Le 6 février, le séisme de magnitude 7,8 a dévasté le sud de la Turquie sur 20 000 km² et une partie de la Syrie. Un mois plus tard, la ville de Kahramanmaras, à deux heures de l’épicentre, tente un grand nettoyage, soulevant des colonnes de poussières portées par le vent.
Depuis le pont, Adem Serin observe en contrebas les sept pelleteuses qui brassent les décombres de sa résidence et le ballet des camions bennes qui se relaient pour les évacuer.
« Pour moi, c’est comme si c’était hier. J’entends encore les appels à l’aide à chaque étage. Cette douleur ne s’effacera jamais », lâche le jeune trentenaire, hanté par ce cauchemar qui les a cueillis en plein sommeil, au 11ᵉ étage de leur tour, avec son épouse enceinte de cinq mois.

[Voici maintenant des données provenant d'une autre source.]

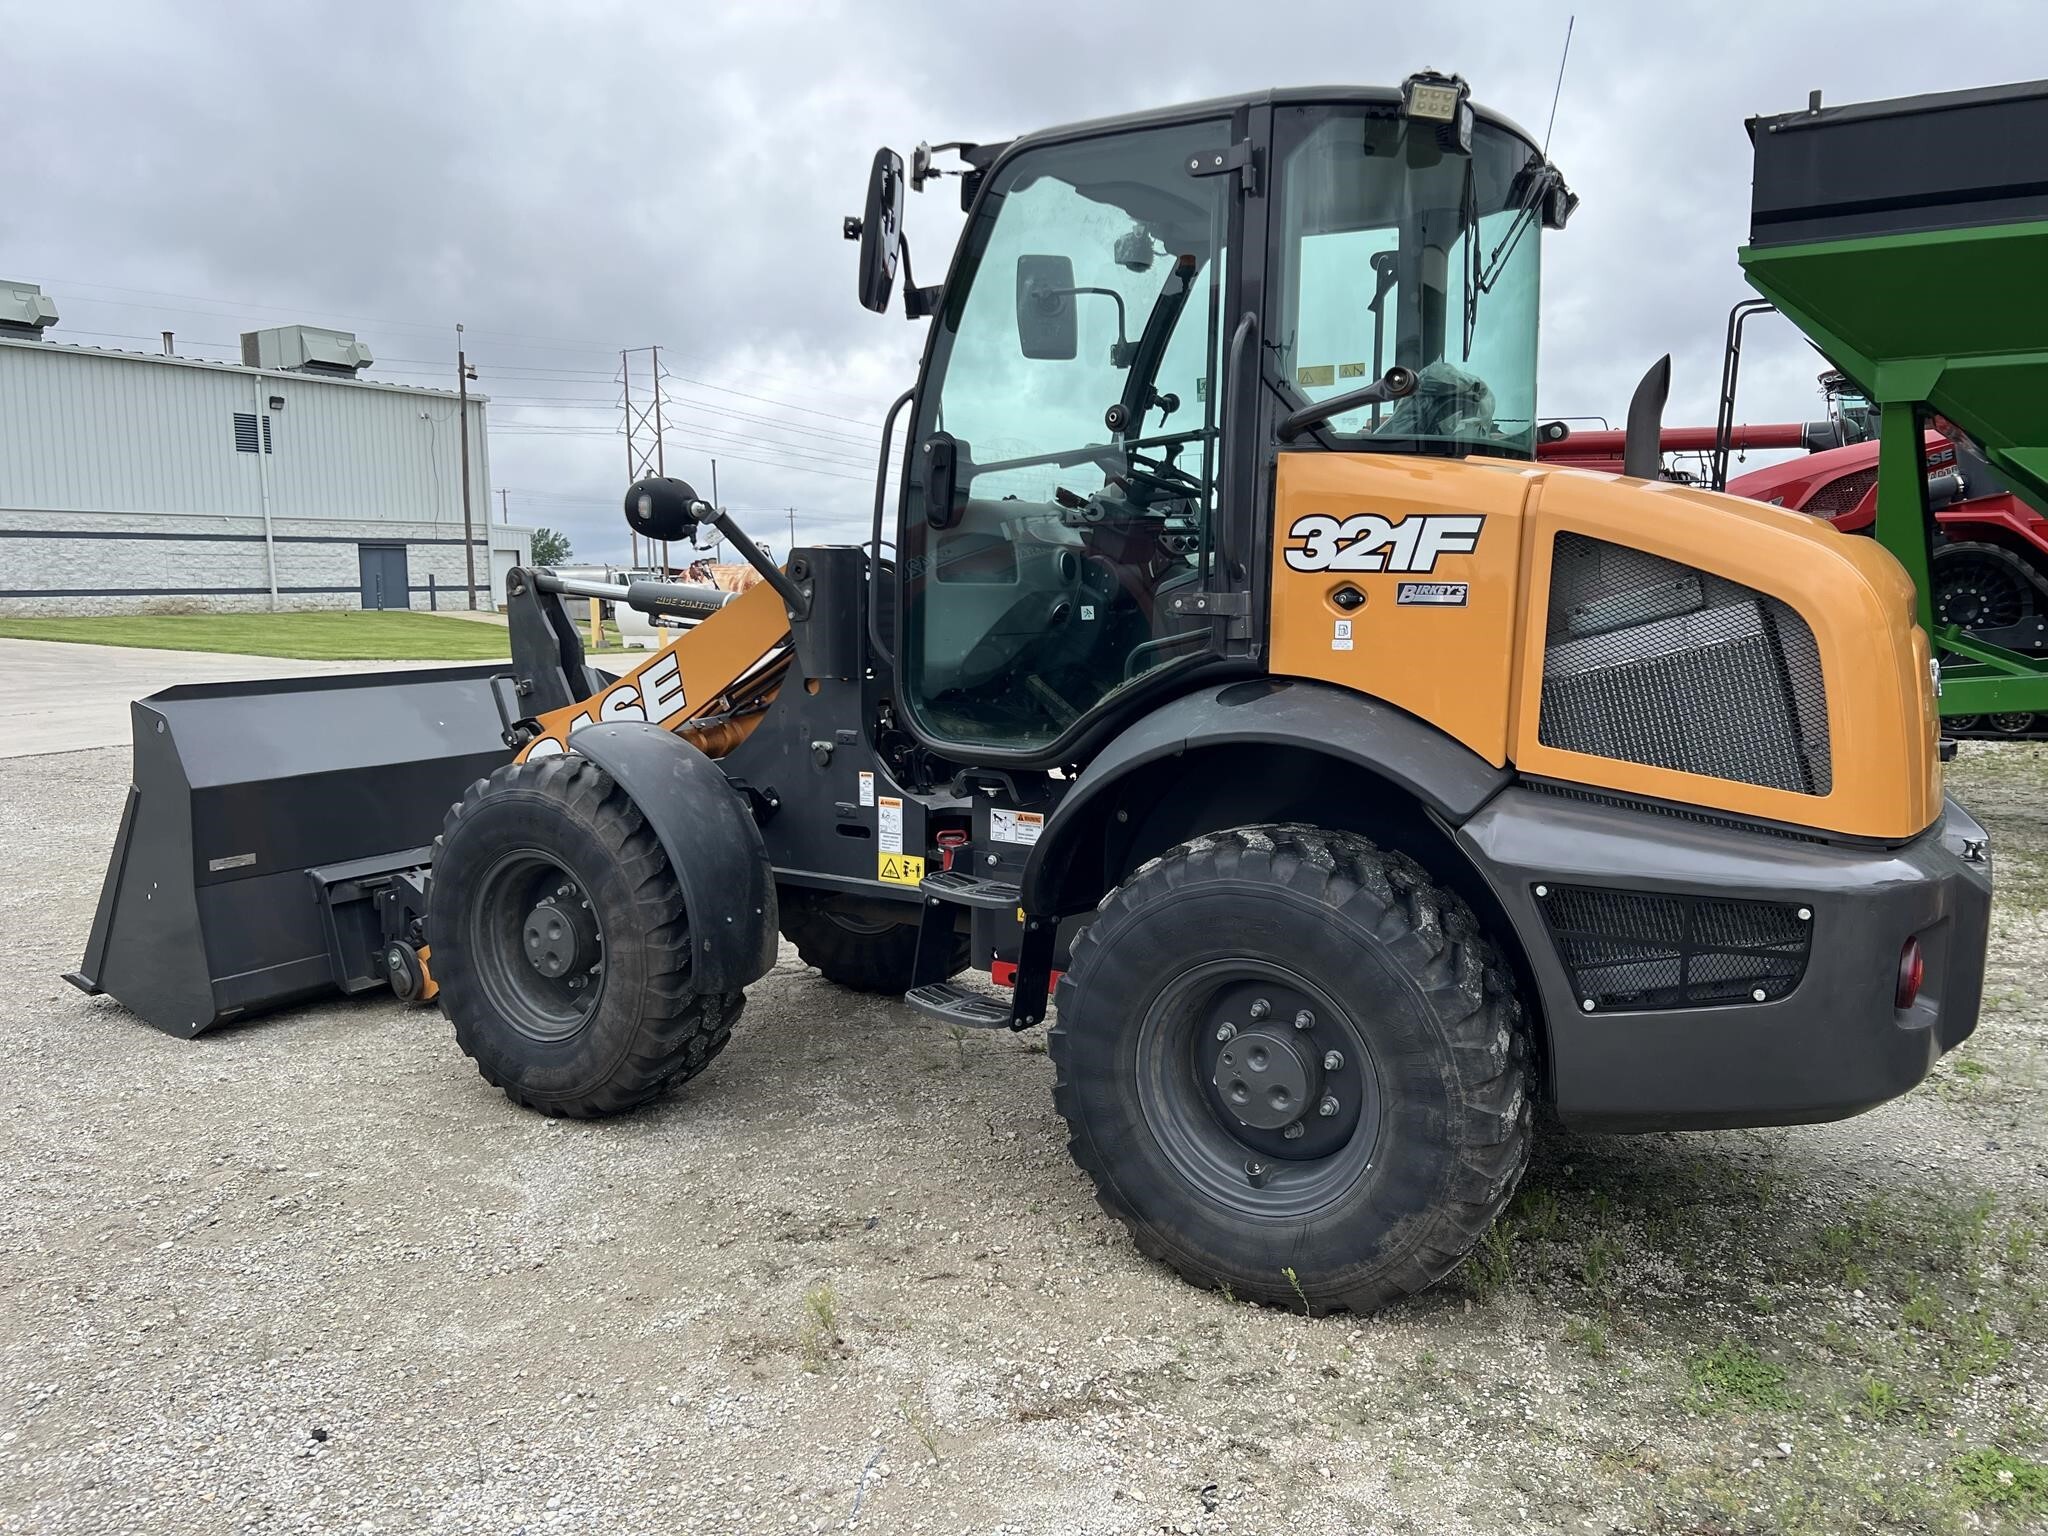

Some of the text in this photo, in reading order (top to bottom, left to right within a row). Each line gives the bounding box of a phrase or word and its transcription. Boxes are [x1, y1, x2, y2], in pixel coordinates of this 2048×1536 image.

Visible à plus de 40 km de distance, un énorme nuage gris flotte au-dessus de l’agglomération de plus d’un million d’habitants et enveloppe tout, s’immisce partout, noie l’horizon.
Chaque jour, 250 tonnes de gravats sont évacuées vers une décharge à l’extérieur des faubourgs : fers tordus, matelas éventrés, rideaux déchiquetés émergent entre les plaques de ciments et les miettes de béton.
« On n’a pas repéré de corps… mais hier, on a senti une forte odeur », lâche Eren Genç, garde-forestier de 26 ans en braquant sa lance à incendie sur les tas informes.
Plus de 11 000 répliques
Selon les autorités, 46 000 personnes ont trouvé la mort dans la catastrophe en Turquie (et 6 000 côté syrien).
Le sinistre chantier attire les badauds, parfois d’anciens habitants en quête d’un souvenir, comme ce couturier qui espérait retrouver sa machine à coudre, ou une famille, sa literie.
La catastrophe qui laisse des centaines de milliers de familles sans toit a affecté le quotidien de 14 millions de personnes.
L’immeuble de Veli Akgoz est toujours debout, mais profondément lézardé. Malgré le danger, alors que plus de 11.000 répliques ont été enregistrées, il a gravi avec son fils les escaliers jusqu’à son appartement au 7è étage pour récupérer l’électro-ménager, quelques ustensiles et une porte, qu’il achève d’arrimer au toit de sa voiture.
« Nous avons pris de gros risques », reconnait le commerçant de 54 ans dont la famille s’entasse désormais à treize dans une maison de village.
Quand il faut recommencer sa vie dans un hébergement de fortune, un matelas ou quelques couvertures récupérés de la vie d’avant font la différence.
Selon le gouvernement, 2 millions de rescapés ont trouvé asile sous des tentes ou dans des conteneurs installés dans les stades ou les parcs urbains. Mais l’offre est loin de répondre aux besoins.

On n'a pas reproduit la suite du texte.